Enough of that. I've changed my mind about my vacation for the umpteenth time (for those of you who are counting). I'm not going South. I'm not going to Shanghai. I'm not going to Hangzhou. I'm not going North to Manchuria. I'm going West again, this time to Southern Gansu and Northern Sichuan. If that doesn't take the whole month, I may head somewhere else as well. The reasons for this change are several: I'm ultimately most interested in the relationships between Han and non-Han Chinese (this is what I increasingly plan to study when I return to school) which I can better observe in the West, Manchuria is really cold, the Ice Festival in Ha'erbin is supposedly mobbed by tourists, I still haven't been to Sichuan despite longstanding plans. Ultimately, the reason I decided is the reason I make all my best decisions: my gut feeling was not great when I thought about going Northeast, but I was excited about the prospect of heading West (again).

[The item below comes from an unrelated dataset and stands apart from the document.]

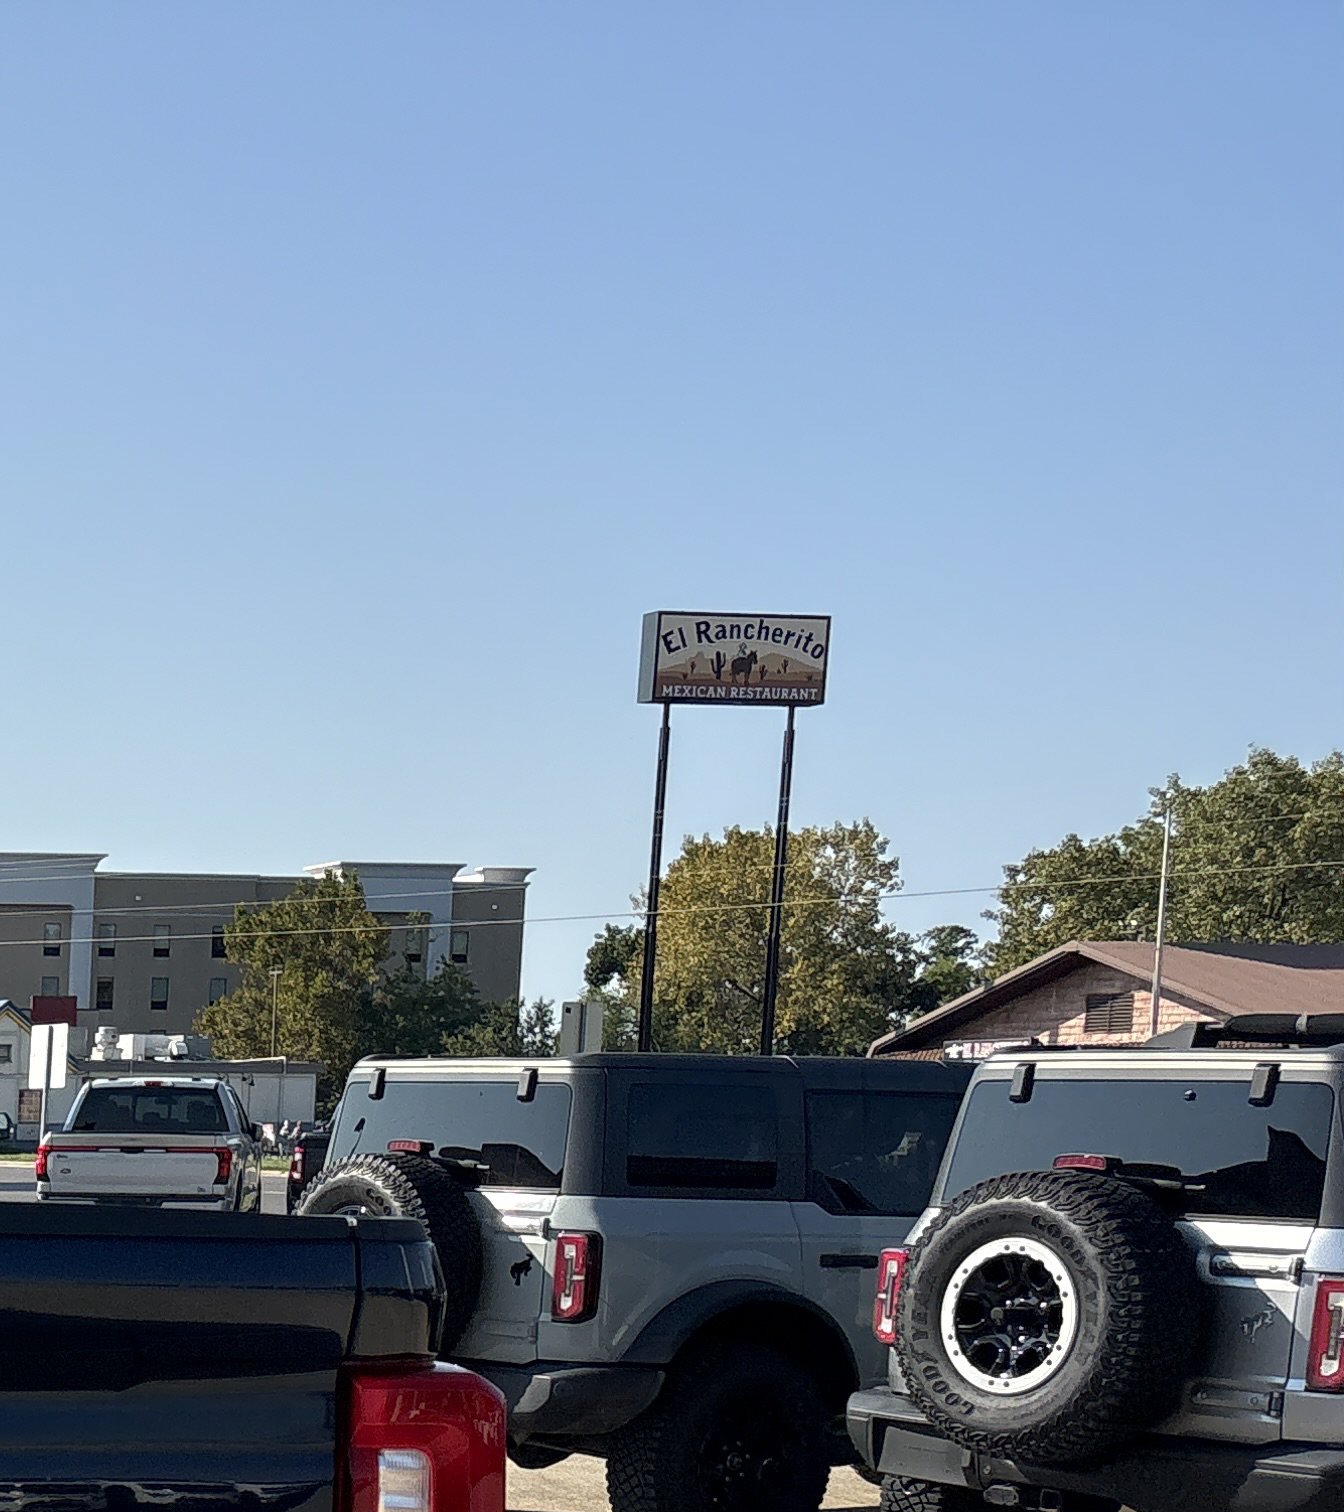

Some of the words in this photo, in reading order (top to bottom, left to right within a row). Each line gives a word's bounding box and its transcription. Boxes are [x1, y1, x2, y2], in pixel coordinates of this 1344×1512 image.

This part of China should be really interesting, I hope. Gansu is home to a moderately large number of Hui (Muslims), and the area between Lanzhou and Chengdu (the capitals of the the two provinces) is supposed to be home to some incredible scenery, pandas, and a relatively large population of Tibetans. Xiahe (pronounced S
"shiyahuh") is supposed to be particularly cool, being, as it is, home to the most important Tibetan Buddhist temple outside of Tibet. This area also has the advantage of being somewhat less accessable than other parts of China and relatively unknown to the Chinese. None of the people in the FAO or the English department have heard of Xiahe, although some of the foreigners have. This means that unlike Beijing, unlike Hangzhou, unlike Shanghai, unlike Ha'erbin or Guilin or Kunming or Sanya or any of the other over-touristed spots, it will be unlikely that I will have to battle hordes of same-color-hat-wearing chain-smoking line-cutting Chinese nouveu-riche climbing off the bus so that they can all take snapshots at the same statue.
Also, a Buddhist temple seems like a pretty good place to hang my "om"-saying asshat for the holidays.